> **ENTRIES SUPPLIED**
********************

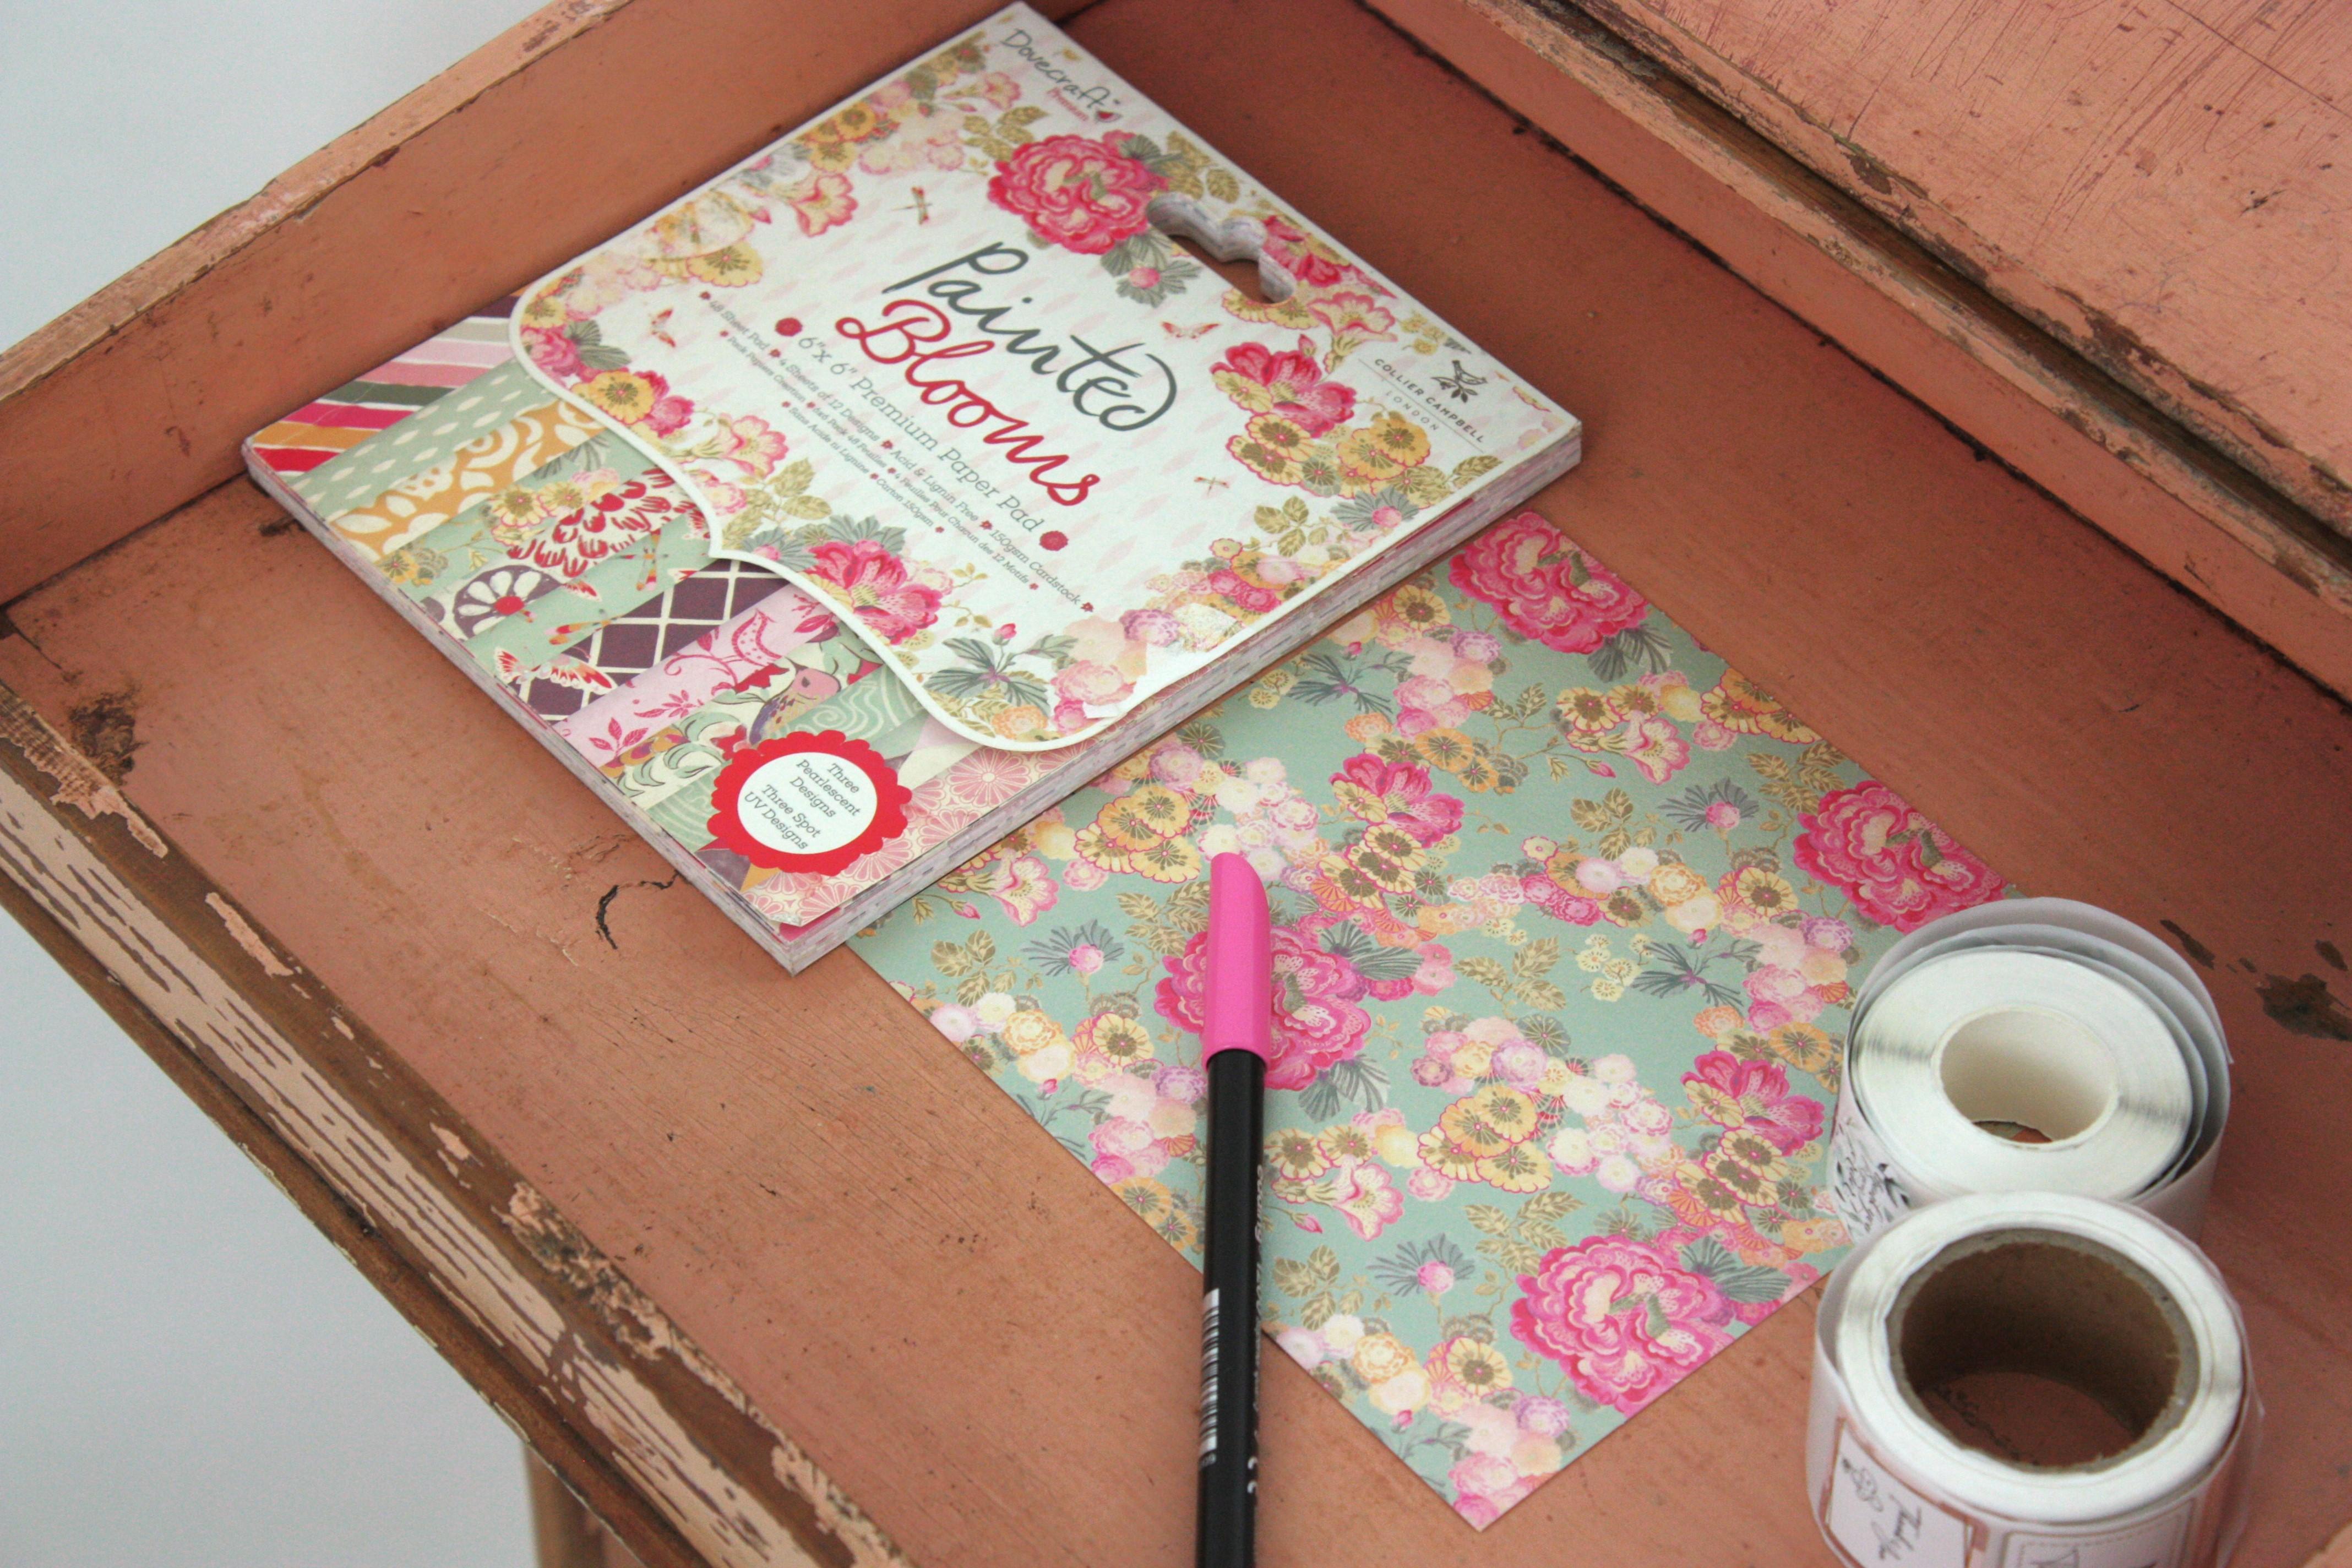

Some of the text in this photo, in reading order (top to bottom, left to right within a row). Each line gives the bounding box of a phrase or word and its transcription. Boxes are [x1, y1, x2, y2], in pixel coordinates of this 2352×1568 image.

[1000, 29, 1110, 109] Dovecraft
[882, 242, 1177, 431] Painted
[835, 299, 1101, 507] Blooms
[1375, 358, 1487, 443] COLLIER CAMPBELL
[1386, 390, 1440, 431] LONDON
[710, 301, 724, 312] 48
[721, 311, 750, 334] Sheet
[748, 333, 770, 351] Pad
[786, 364, 819, 392] Sheets
[817, 391, 834, 401] of
[827, 399, 844, 410] 12
[840, 408, 881, 441] Designs
[890, 450, 917, 471] Acid
[914, 468, 925, 477] &
[922, 475, 956, 504] Lignin
[954, 502, 979, 521] Free
[989, 529, 1030, 564] 150gsm
[1029, 561, 1082, 605] Cardstock
[727, 336, 748, 353] Pack
[827, 418, 848, 435] Pack
[857, 443, 888, 467] Feuilles
[900, 477, 930, 503] Feuilles
[929, 501, 949, 519] Pour
[948, 516, 979, 543] Chacun
[978, 542, 994, 555] des
[992, 553, 1005, 563] 12
[1003, 560, 1030, 584] Motifs
[808, 424, 831, 443] Acide
[839, 448, 869, 474] Lignine
[876, 478, 903, 502] Carton
[902, 500, 934, 527] 150gsm
[850, 376, 938, 451] Premium
[937, 447, 1000, 498] Paper
[996, 494, 1045, 532] Pad
[761, 784, 821, 839] Three Spot
[790, 776, 837, 818] Designs
[796, 759, 862, 816] Pearlescent
[826, 763, 860, 793] Three
[744, 791, 809, 850] UV Designs

********************

> **EXERCISE OBJECTIVE**
For each record above, write out every line exactly and skip the pictures.

> **SOLUTION TO THIS TASK**
Some of the text in this photo, in reading order (top to bottom, left to right within a row). Each line gives the bounding box of a phrase or word and its transcription. Boxes are [x1, y1, x2, y2], in pixel coordinates of this 2352×1568 image.

[1000, 29, 1110, 109] Dovecraft
[882, 242, 1177, 431] Painted
[835, 299, 1101, 507] Blooms
[1375, 358, 1487, 443] COLLIER CAMPBELL
[1386, 390, 1440, 431] LONDON
[710, 301, 724, 312] 48
[721, 311, 750, 334] Sheet
[748, 333, 770, 351] Pad
[786, 364, 819, 392] Sheets
[817, 391, 834, 401] of
[827, 399, 844, 410] 12
[840, 408, 881, 441] Designs
[890, 450, 917, 471] Acid
[914, 468, 925, 477] &
[922, 475, 956, 504] Lignin
[954, 502, 979, 521] Free
[989, 529, 1030, 564] 150gsm
[1029, 561, 1082, 605] Cardstock
[727, 336, 748, 353] Pack
[827, 418, 848, 435] Pack
[857, 443, 888, 467] Feuilles
[900, 477, 930, 503] Feuilles
[929, 501, 949, 519] Pour
[948, 516, 979, 543] Chacun
[978, 542, 994, 555] des
[992, 553, 1005, 563] 12
[1003, 560, 1030, 584] Motifs
[808, 424, 831, 443] Acide
[839, 448, 869, 474] Lignine
[876, 478, 903, 502] Carton
[902, 500, 934, 527] 150gsm
[850, 376, 938, 451] Premium
[937, 447, 1000, 498] Paper
[996, 494, 1045, 532] Pad
[761, 784, 821, 839] Three Spot
[790, 776, 837, 818] Designs
[796, 759, 862, 816] Pearlescent
[826, 763, 860, 793] Three
[744, 791, 809, 850] UV Designs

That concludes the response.